Le « Rainbow Shabbat » de Judy Chicago, une représentation emblématique de la solidarité interconfessionnelle, est exposé au New Museum de New York

(Semaine juive de New York) – Il y a actuellement une scène qui se déroule dans le Lower East Side de Manhattan qui peut sembler inimaginable en ces temps fracturés.

Un homme et une femme, chacun drapé dans un châle de prière juif, se tiennent à chaque extrémité d’une longue table. L’homme tient une coupe de kiddouch ; la femme bénit une paire de bougies. Autour de la table sont assis des hommes, des femmes et des enfants représentant les ethnies et les religions du monde : un ecclésiastique chrétien portant une croix, un musulman portant un keffieh blanc, une femme noire vêtue d’une robe rouge. Chacun des invités a une main posée sur l’épaule d’un voisin.

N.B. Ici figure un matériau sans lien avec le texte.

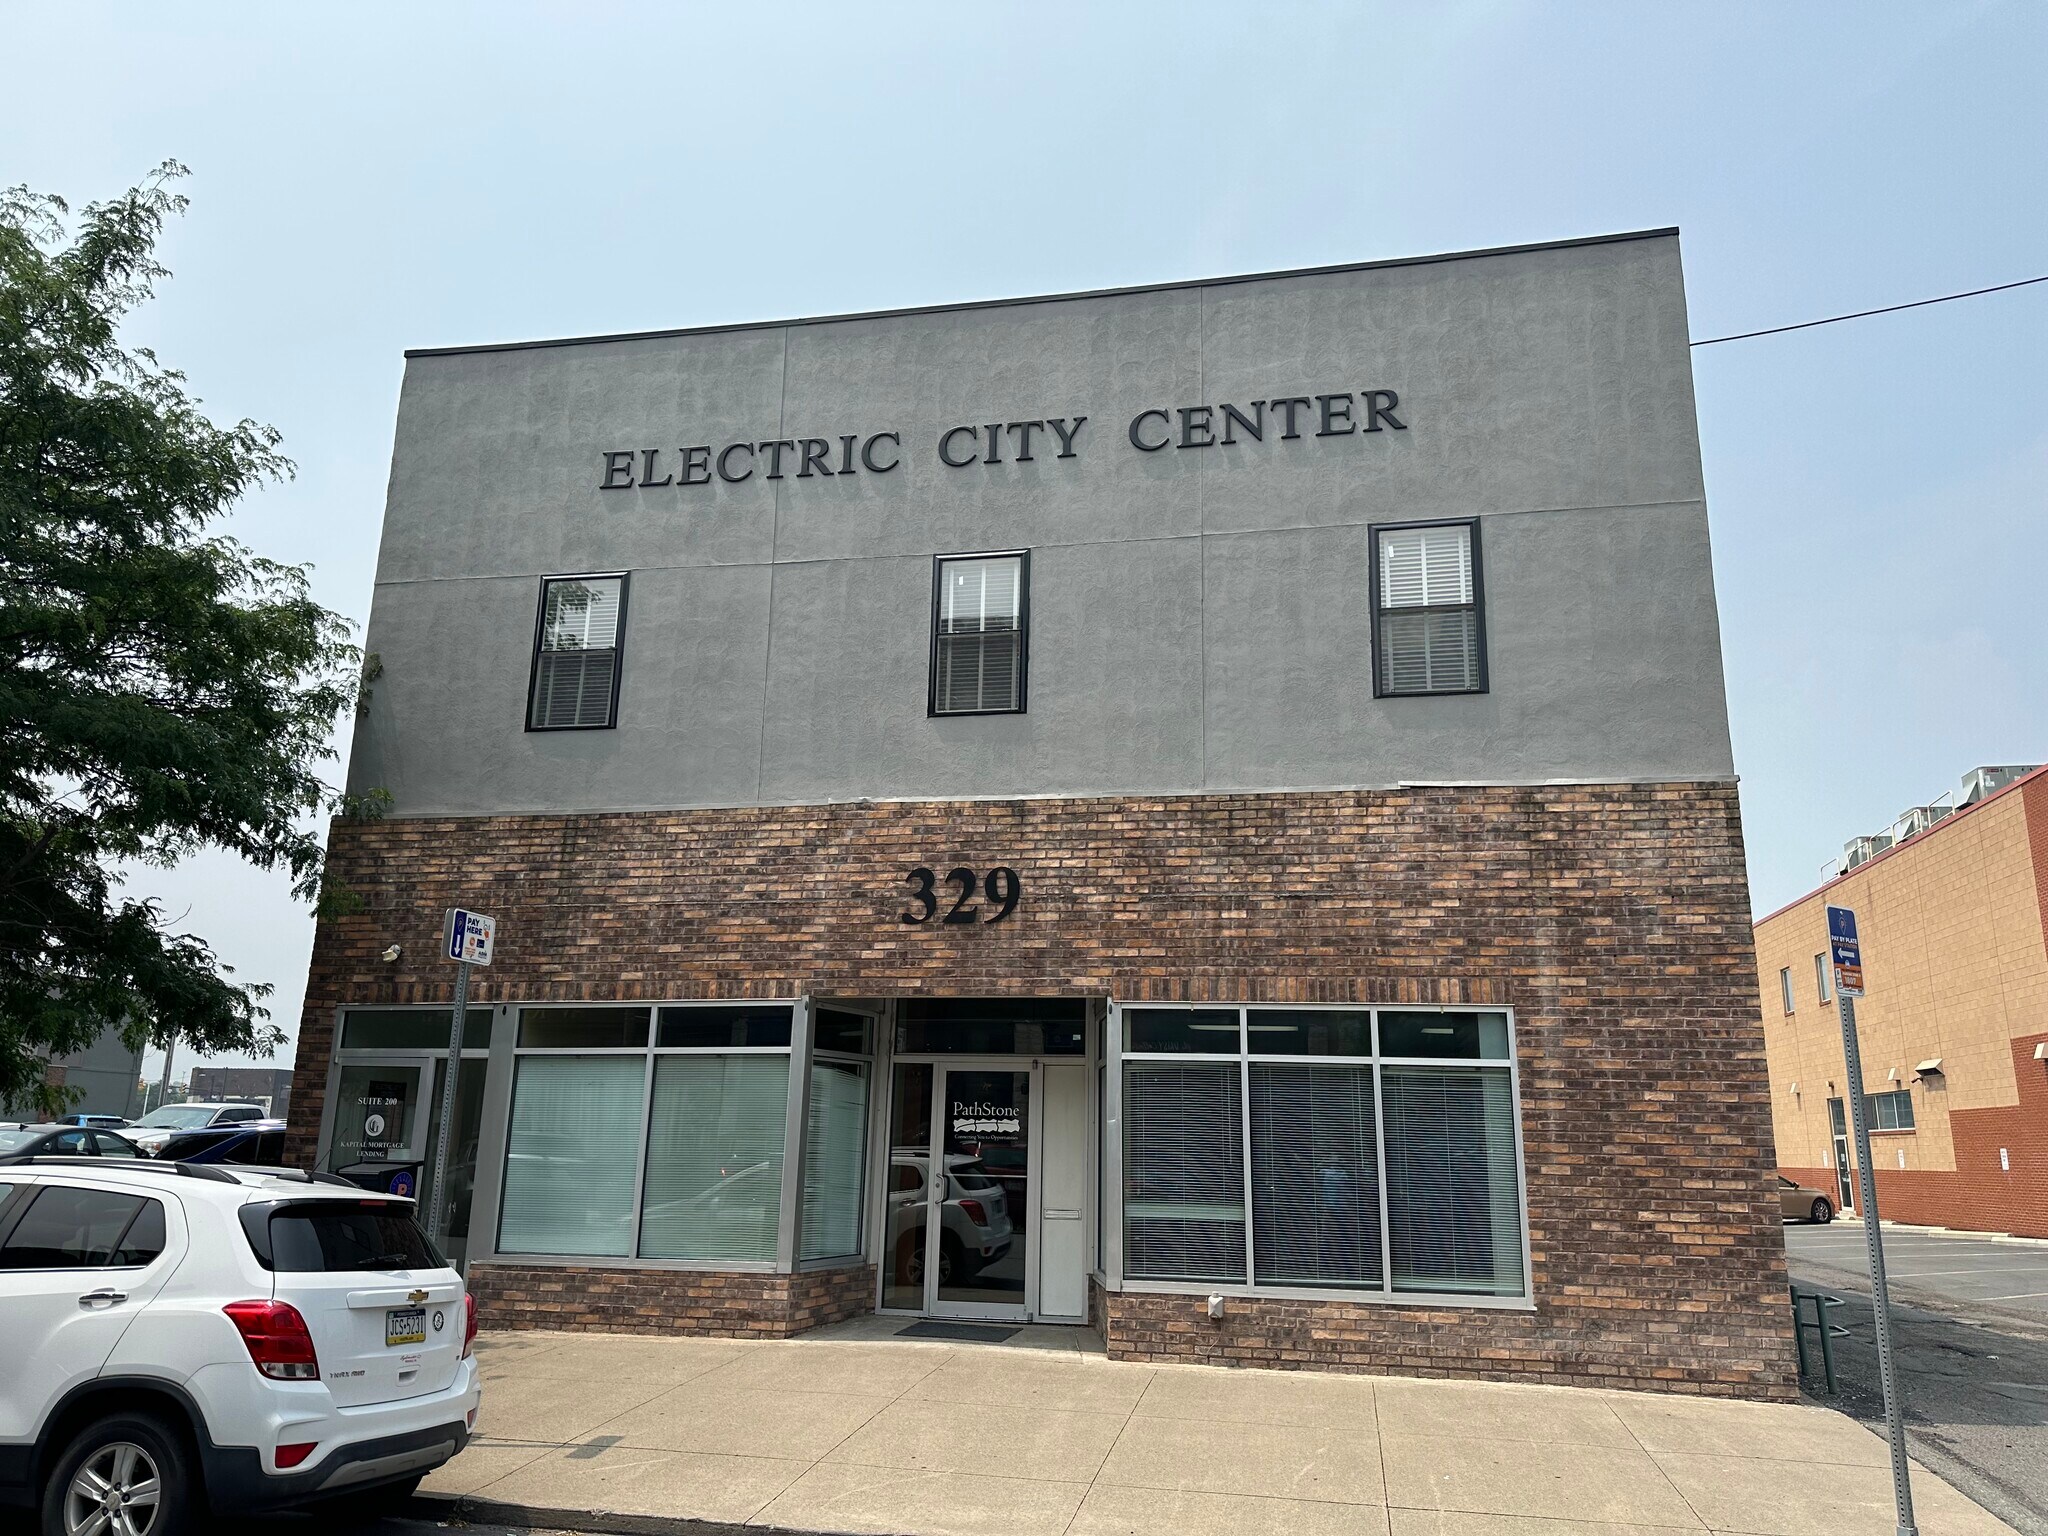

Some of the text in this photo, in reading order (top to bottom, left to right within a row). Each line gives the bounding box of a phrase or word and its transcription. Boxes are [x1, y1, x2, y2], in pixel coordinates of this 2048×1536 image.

[599, 388, 1407, 489] ELECTRIC CITY CENTER
[902, 866, 1021, 925] 329
[467, 917, 480, 927] PAY
[466, 926, 483, 936] HERE
[357, 1097, 398, 1106] SUITE 200
[953, 1101, 1020, 1117] PathStone
[368, 1141, 405, 1149] MORTGAGE
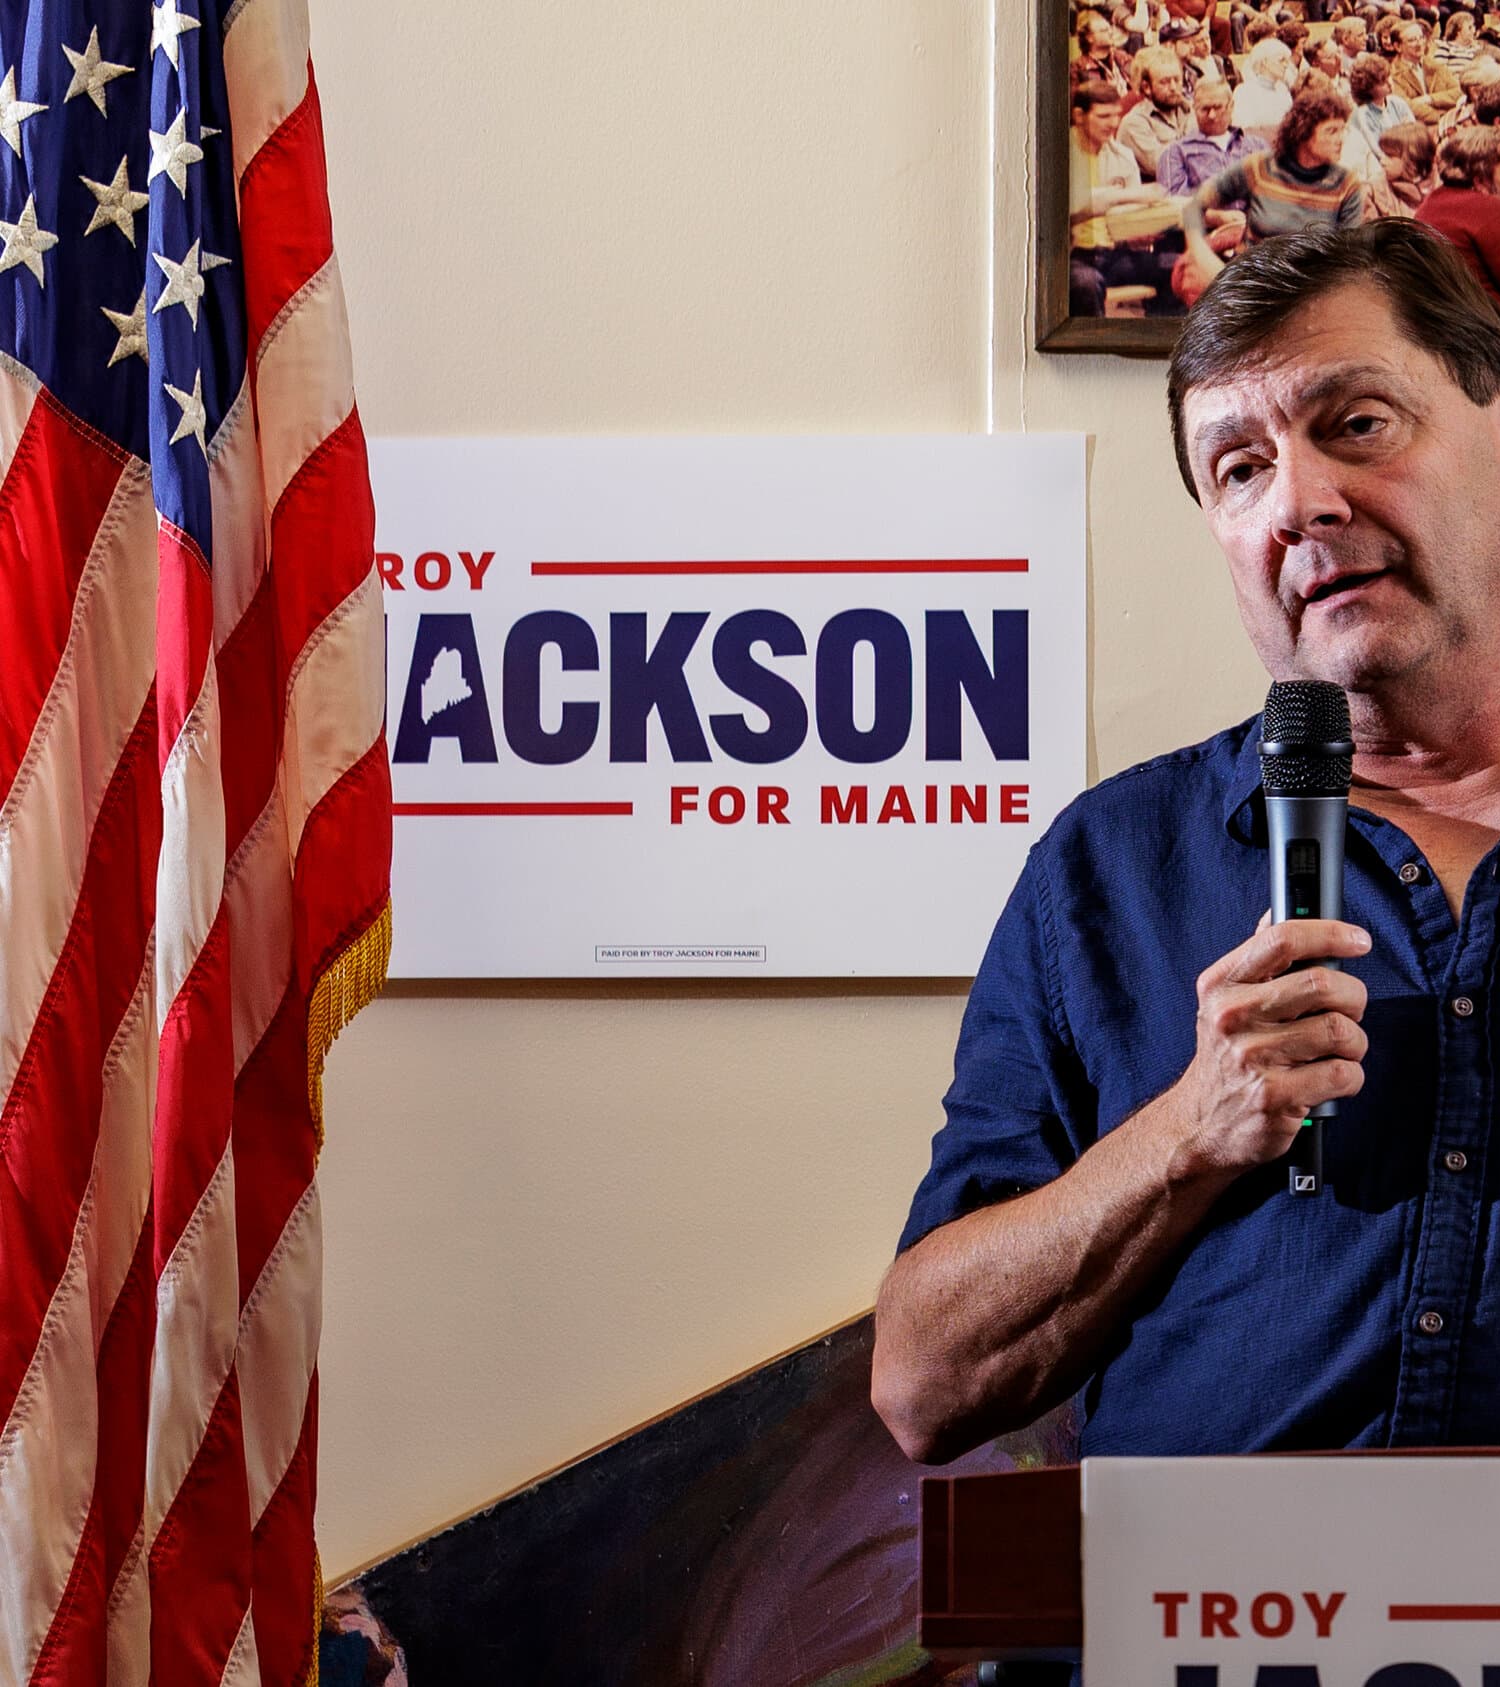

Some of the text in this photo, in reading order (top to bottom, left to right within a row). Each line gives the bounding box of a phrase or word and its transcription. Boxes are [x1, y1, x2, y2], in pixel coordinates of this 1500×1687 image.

Il s’agit d’un immense vitrail réalisé par l’artiste juive féministe Judy Chicago, et c’est l’une des pièces maîtresses de « Judy Chicago : Herstory » au New Museum, la première étude complète d’un musée new-yorkais sur le travail d’un artiste actif depuis les années 1960. .

Chicago, une icône féministe, a créé « Rainbow Shabbat » en 1992 avec son mari Donald Woodman dans le cadre du « Holocaust Project : From Darkness into Light », leur exploration multimédia qui a fait le tour des musées à partir de 1993.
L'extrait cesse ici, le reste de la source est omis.